(Input material)

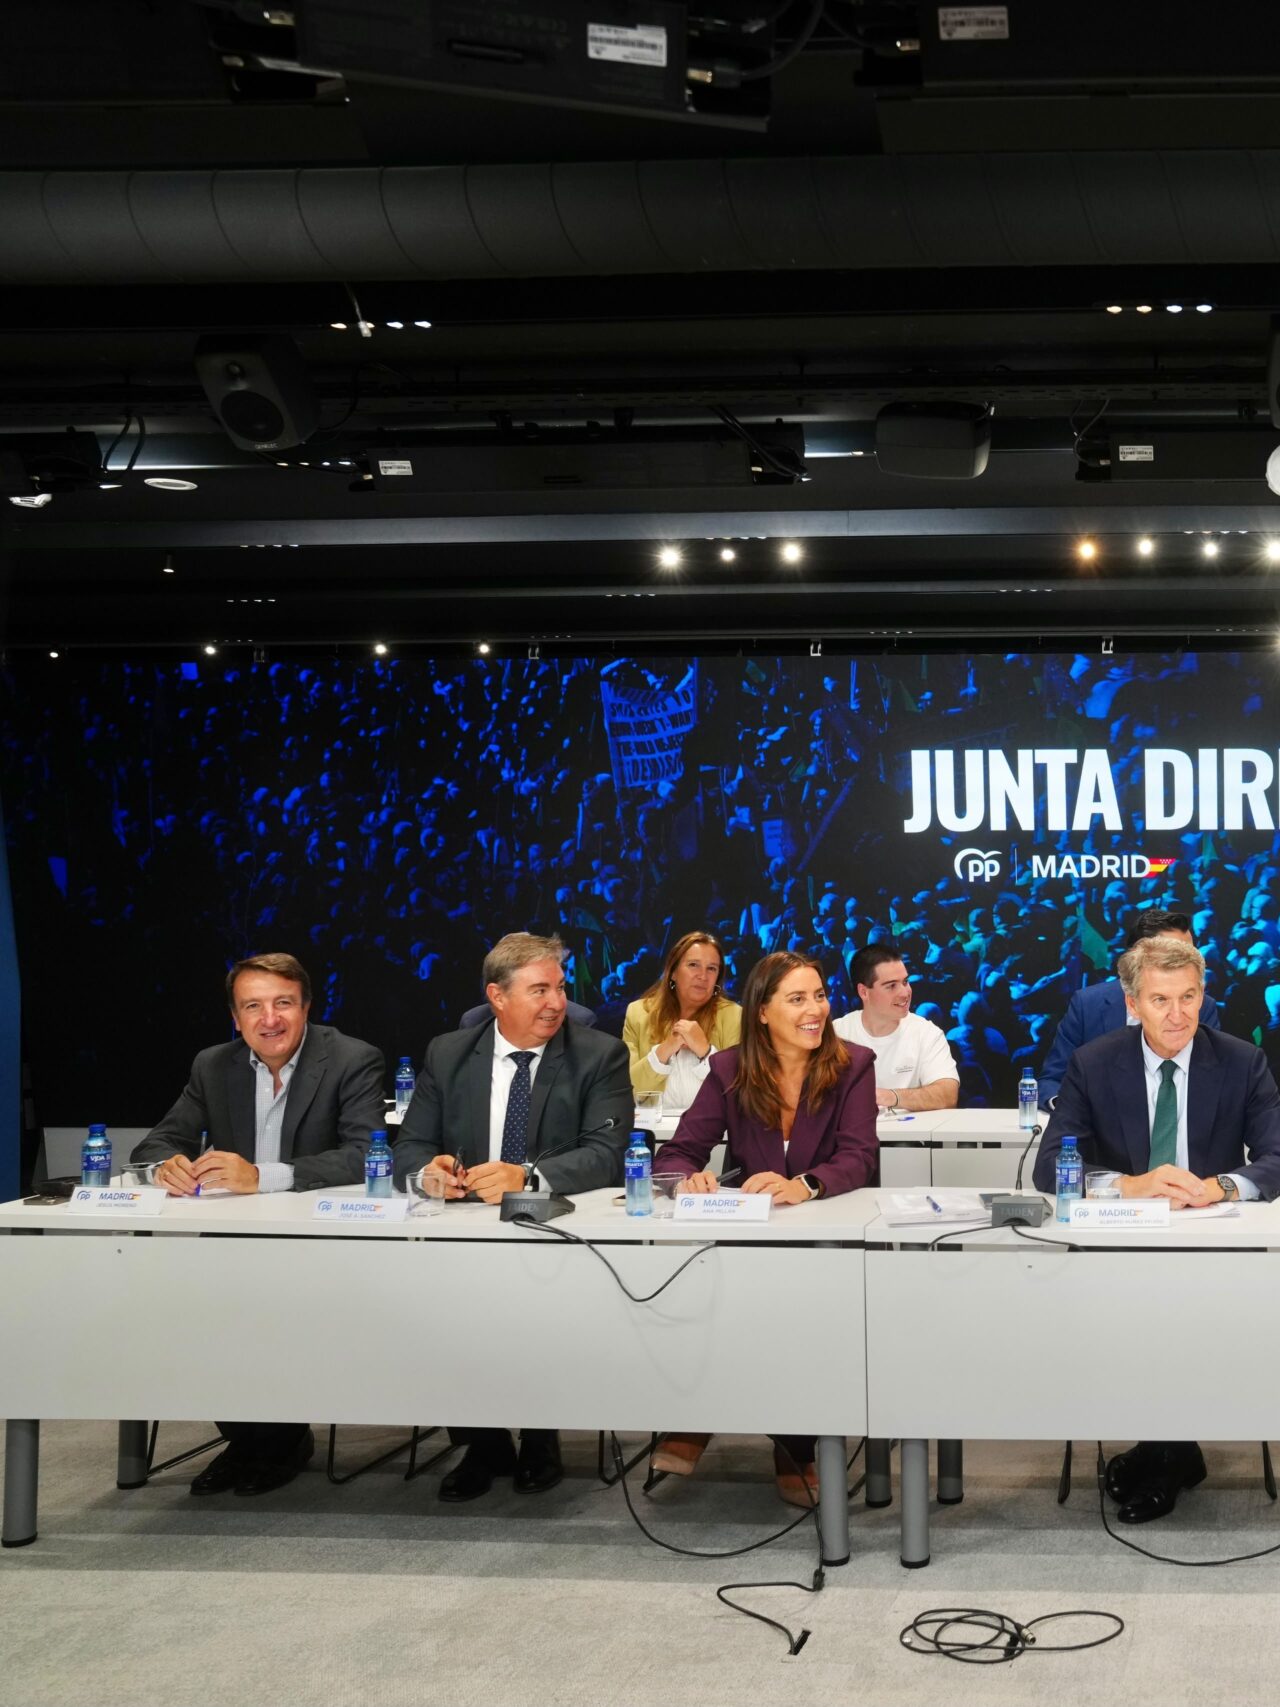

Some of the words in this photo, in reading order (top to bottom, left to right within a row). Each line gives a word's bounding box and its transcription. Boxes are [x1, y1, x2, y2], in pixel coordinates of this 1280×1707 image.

[904, 748, 1122, 833] JUNTA
[1032, 855, 1151, 878] MADRID
[98, 1192, 135, 1200] MADRID
[340, 1203, 376, 1211] MADRID
[703, 1199, 739, 1207] MADRID
[1098, 1209, 1136, 1217] MADRID

(End Input material)

## [Work request]
Write out the data exactly, but not its pictures.

## [Output]
Some of the words in this photo, in reading order (top to bottom, left to right within a row). Each line gives a word's bounding box and its transcription. Boxes are [x1, y1, x2, y2], in pixel coordinates of this 1280×1707 image.

[904, 748, 1122, 833] JUNTA
[1032, 855, 1151, 878] MADRID
[98, 1192, 135, 1200] MADRID
[340, 1203, 376, 1211] MADRID
[703, 1199, 739, 1207] MADRID
[1098, 1209, 1136, 1217] MADRID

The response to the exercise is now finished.